● **EXERCISE BRIEF**: Search the data below for the line containing "this 1500×1000 image.", then please set down that line and all remaining ones exactly as written.

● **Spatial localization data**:
"""

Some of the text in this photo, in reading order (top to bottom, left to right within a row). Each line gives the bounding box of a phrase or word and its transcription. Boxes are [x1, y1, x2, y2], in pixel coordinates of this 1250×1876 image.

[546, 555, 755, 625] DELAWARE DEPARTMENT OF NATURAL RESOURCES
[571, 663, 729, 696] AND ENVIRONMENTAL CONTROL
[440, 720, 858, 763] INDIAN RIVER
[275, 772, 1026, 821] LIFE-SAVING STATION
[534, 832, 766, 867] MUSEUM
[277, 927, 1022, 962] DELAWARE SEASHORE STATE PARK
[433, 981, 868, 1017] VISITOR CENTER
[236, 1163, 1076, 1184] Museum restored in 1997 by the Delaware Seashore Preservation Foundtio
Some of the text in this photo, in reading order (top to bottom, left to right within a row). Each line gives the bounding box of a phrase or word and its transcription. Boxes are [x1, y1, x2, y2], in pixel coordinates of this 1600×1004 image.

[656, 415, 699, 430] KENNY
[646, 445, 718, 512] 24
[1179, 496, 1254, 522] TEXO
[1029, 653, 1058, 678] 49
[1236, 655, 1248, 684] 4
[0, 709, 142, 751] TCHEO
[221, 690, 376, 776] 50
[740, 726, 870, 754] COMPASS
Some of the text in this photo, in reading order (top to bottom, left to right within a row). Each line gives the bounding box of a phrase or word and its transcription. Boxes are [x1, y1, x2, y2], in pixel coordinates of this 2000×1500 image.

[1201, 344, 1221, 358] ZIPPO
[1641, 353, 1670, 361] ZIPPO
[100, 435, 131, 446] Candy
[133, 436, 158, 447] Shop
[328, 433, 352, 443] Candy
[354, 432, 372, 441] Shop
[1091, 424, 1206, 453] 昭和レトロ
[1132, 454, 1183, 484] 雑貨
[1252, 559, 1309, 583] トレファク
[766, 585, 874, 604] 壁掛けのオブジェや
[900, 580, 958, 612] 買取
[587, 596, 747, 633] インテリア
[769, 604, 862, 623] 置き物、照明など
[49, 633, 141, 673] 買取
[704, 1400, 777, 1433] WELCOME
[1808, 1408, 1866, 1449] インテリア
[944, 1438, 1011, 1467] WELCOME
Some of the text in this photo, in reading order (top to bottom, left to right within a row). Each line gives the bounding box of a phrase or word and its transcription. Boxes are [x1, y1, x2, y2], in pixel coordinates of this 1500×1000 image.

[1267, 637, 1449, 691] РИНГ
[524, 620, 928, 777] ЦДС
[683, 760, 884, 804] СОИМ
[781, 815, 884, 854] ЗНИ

"""

● **SOLVED EXERCISE**:
Some of the text in this photo, in reading order (top to bottom, left to right within a row). Each line gives the bounding box of a phrase or word and its transcription. Boxes are [x1, y1, x2, y2], in pixel coordinates of this 1500×1000 image.

[1267, 637, 1449, 691] РИНГ
[524, 620, 928, 777] ЦДС
[683, 760, 884, 804] СОИМ
[781, 815, 884, 854] ЗНИ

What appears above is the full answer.